## EXERCISE AIM
The data below is to be output in full, unchanged.

## DATA SHOWN

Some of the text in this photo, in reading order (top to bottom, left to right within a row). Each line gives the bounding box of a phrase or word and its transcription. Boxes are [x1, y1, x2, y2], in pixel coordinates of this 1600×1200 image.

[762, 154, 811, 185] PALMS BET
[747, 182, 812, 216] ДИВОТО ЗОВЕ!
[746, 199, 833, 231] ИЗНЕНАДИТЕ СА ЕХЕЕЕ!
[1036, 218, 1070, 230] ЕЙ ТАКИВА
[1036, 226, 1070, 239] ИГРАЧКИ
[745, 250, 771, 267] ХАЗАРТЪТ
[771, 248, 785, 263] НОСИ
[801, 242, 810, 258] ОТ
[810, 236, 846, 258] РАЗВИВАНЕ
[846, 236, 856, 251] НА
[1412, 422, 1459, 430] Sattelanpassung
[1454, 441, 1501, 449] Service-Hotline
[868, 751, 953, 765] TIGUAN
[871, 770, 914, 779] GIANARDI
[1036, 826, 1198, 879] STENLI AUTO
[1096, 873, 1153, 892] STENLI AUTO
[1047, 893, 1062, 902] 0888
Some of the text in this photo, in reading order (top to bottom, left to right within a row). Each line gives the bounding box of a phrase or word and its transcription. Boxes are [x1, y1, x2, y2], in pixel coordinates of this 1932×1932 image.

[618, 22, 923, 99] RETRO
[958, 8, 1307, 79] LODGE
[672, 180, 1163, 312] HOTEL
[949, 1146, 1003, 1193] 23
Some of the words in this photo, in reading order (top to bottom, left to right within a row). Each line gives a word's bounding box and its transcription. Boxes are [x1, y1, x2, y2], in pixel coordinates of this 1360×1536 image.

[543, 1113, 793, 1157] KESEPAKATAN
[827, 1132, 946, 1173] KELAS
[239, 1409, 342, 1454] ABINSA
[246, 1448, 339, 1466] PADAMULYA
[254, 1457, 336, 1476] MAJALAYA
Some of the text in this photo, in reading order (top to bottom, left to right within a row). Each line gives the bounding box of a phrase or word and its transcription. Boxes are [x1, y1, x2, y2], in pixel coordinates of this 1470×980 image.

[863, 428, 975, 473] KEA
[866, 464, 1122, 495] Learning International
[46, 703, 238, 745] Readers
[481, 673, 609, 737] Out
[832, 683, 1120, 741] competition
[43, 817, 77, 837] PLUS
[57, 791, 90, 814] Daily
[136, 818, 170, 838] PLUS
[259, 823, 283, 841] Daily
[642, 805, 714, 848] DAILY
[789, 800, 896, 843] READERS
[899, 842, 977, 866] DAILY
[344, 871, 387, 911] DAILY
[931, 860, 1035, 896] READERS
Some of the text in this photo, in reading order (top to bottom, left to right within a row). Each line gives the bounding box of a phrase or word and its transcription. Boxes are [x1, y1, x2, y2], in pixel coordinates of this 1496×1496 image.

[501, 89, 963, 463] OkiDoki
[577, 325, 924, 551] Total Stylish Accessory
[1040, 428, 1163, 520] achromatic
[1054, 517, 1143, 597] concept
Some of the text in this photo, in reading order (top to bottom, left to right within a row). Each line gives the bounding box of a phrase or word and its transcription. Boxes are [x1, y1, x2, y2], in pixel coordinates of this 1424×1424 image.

## THE COMPLETED TASK
Some of the text in this photo, in reading order (top to bottom, left to right within a row). Each line gives the bounding box of a phrase or word and its transcription. Boxes are [x1, y1, x2, y2], in pixel coordinates of this 1600×1200 image.

[762, 154, 811, 185] PALMS BET
[747, 182, 812, 216] ДИВОТО ЗОВЕ!
[746, 199, 833, 231] ИЗНЕНАДИТЕ СА ЕХЕЕЕ!
[1036, 218, 1070, 230] ЕЙ ТАКИВА
[1036, 226, 1070, 239] ИГРАЧКИ
[745, 250, 771, 267] ХАЗАРТЪТ
[771, 248, 785, 263] НОСИ
[801, 242, 810, 258] ОТ
[810, 236, 846, 258] РАЗВИВАНЕ
[846, 236, 856, 251] НА
[1412, 422, 1459, 430] Sattelanpassung
[1454, 441, 1501, 449] Service-Hotline
[868, 751, 953, 765] TIGUAN
[871, 770, 914, 779] GIANARDI
[1036, 826, 1198, 879] STENLI AUTO
[1096, 873, 1153, 892] STENLI AUTO
[1047, 893, 1062, 902] 0888
Some of the text in this photo, in reading order (top to bottom, left to right within a row). Each line gives the bounding box of a phrase or word and its transcription. Boxes are [x1, y1, x2, y2], in pixel coordinates of this 1932×1932 image.

[618, 22, 923, 99] RETRO
[958, 8, 1307, 79] LODGE
[672, 180, 1163, 312] HOTEL
[949, 1146, 1003, 1193] 23
Some of the words in this photo, in reading order (top to bottom, left to right within a row). Each line gives a word's bounding box and its transcription. Boxes are [x1, y1, x2, y2], in pixel coordinates of this 1360×1536 image.

[543, 1113, 793, 1157] KESEPAKATAN
[827, 1132, 946, 1173] KELAS
[239, 1409, 342, 1454] ABINSA
[246, 1448, 339, 1466] PADAMULYA
[254, 1457, 336, 1476] MAJALAYA
Some of the text in this photo, in reading order (top to bottom, left to right within a row). Each line gives the bounding box of a phrase or word and its transcription. Boxes are [x1, y1, x2, y2], in pixel coordinates of this 1470×980 image.

[863, 428, 975, 473] KEA
[866, 464, 1122, 495] Learning International
[46, 703, 238, 745] Readers
[481, 673, 609, 737] Out
[832, 683, 1120, 741] competition
[43, 817, 77, 837] PLUS
[57, 791, 90, 814] Daily
[136, 818, 170, 838] PLUS
[259, 823, 283, 841] Daily
[642, 805, 714, 848] DAILY
[789, 800, 896, 843] READERS
[899, 842, 977, 866] DAILY
[344, 871, 387, 911] DAILY
[931, 860, 1035, 896] READERS
Some of the text in this photo, in reading order (top to bottom, left to right within a row). Each line gives the bounding box of a phrase or word and its transcription. Boxes are [x1, y1, x2, y2], in pixel coordinates of this 1496×1496 image.

[501, 89, 963, 463] OkiDoki
[577, 325, 924, 551] Total Stylish Accessory
[1040, 428, 1163, 520] achromatic
[1054, 517, 1143, 597] concept
Some of the text in this photo, in reading order (top to bottom, left to right within a row). Each line gives the bounding box of a phrase or word and its transcription. Boxes are [x1, y1, x2, y2], in pixel coordinates of this 1424×1424 image.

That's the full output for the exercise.